Numbers Rabbah

It is a midrash comprising a collection of ancient rabbinical homiletic interpretations of the Book of Numbers (Bamidbar in Hebrew).

It is the latest component of Midrash Rabbah on the Torah, and as such was unknown to Nathan ben Jehiel (c. 1035–1106), Rashi (1040–1105), and Yalkut Shimoni.

M. Beneviste drew attention as early as 1565 to the fact that Tanchuma and Numbers Rabbah are almost identical from the section Behaalotecha onward.

This is true also, with the exception of the interpretation of the numerical value of the Hebrew word for fringes, of the other passages pointed out by Leopold Zunz as originating with later, and notably French, rabbis.

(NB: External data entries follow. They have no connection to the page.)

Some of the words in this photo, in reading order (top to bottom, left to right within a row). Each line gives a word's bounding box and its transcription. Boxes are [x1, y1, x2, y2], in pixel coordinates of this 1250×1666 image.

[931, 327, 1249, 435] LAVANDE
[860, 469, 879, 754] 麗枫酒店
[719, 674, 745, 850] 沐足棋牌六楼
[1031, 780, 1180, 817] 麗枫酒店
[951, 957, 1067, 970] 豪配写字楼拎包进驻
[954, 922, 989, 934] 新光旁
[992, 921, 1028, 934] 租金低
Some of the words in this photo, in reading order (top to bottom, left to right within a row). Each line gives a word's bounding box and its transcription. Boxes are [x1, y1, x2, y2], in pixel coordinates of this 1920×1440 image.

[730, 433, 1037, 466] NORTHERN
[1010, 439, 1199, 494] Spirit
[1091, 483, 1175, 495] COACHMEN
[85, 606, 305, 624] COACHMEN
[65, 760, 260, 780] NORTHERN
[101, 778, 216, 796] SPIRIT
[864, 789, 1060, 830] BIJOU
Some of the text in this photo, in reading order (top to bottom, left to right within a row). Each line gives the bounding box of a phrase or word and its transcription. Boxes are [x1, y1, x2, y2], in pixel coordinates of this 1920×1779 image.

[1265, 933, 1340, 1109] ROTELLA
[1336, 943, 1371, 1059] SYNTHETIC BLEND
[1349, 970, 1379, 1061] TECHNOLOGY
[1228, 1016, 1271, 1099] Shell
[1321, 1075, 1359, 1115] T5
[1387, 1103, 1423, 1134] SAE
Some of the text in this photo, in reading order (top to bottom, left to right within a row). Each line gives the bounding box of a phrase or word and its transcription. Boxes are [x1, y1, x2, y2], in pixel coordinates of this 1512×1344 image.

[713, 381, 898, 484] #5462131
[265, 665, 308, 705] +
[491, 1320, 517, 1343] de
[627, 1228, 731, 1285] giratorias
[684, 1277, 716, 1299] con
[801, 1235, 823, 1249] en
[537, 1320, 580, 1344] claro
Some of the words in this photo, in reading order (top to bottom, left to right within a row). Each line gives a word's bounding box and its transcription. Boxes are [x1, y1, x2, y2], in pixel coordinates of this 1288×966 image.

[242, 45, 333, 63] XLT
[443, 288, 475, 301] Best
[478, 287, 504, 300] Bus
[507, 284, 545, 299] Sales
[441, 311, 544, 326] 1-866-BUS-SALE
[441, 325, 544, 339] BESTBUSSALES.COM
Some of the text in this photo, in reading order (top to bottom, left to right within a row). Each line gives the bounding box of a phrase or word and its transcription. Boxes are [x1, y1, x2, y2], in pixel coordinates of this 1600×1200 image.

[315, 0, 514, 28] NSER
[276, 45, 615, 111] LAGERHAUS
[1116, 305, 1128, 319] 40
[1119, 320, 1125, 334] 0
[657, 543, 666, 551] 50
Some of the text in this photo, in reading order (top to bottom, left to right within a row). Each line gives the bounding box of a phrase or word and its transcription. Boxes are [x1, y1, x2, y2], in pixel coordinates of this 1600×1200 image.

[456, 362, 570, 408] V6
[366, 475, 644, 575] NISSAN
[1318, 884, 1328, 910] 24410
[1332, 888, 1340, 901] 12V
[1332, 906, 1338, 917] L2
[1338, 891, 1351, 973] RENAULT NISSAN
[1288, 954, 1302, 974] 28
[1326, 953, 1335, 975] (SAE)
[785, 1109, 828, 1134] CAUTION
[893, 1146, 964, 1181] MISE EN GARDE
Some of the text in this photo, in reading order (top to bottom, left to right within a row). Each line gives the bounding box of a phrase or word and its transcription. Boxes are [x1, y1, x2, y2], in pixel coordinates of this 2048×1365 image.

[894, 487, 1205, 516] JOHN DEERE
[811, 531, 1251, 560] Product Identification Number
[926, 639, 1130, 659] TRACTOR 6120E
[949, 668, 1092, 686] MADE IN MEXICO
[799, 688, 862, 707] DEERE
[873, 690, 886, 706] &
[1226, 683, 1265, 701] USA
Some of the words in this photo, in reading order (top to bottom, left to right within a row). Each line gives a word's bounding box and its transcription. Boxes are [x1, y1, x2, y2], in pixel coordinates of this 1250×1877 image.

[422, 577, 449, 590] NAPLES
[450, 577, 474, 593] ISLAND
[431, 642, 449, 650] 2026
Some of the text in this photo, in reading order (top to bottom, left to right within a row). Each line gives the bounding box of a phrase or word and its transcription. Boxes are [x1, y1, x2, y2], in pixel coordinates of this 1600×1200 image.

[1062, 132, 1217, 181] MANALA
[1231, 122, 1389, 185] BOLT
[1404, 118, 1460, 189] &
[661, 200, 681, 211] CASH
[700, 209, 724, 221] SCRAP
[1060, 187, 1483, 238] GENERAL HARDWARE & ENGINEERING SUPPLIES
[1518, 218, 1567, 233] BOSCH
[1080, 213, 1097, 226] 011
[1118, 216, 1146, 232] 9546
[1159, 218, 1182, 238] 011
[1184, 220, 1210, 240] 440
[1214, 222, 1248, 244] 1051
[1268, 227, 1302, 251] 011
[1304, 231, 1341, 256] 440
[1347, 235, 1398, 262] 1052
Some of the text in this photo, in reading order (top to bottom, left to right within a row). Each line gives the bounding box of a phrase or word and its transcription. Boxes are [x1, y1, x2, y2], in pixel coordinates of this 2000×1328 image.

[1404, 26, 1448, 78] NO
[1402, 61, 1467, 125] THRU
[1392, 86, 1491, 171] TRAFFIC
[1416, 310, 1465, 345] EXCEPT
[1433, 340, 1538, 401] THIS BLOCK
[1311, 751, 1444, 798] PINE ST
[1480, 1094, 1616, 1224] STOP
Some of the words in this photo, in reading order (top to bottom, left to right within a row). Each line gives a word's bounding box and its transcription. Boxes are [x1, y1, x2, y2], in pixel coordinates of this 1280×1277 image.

This numerical interpretation of “fringes” forms a part of a passage, also otherwise remarkable, at the end of the section on Korach (18:21), which, taken from Numbers Rabbah, was interpolated in the first printed edition of the Tanchuma as early as 1522, but is absent from all the manuscripts.

Another long passage (18:22) which belongs to the beginning of Chukat, as in Tanchuma, is erroneously appended in the editions to the section on Korach.

According to Epstein, some unknown author wrote the Midrash upon the Torah portion Bamidbar to complete the Sifre, which commences with Numbers 1:1, another then continued it with the commentary on Naso, and in order to complete the work for the remainder of Numbers, the commentary for the remaining Torah portions was drawn from Tanchuma.

Even the first part contains much that is taken from the Tanchuma, but, as Zunz wrote, "a copious stream of new Haggadah swallows the Midrash drawn from this source and entirely obscures the arrangement of the Yelamdenu."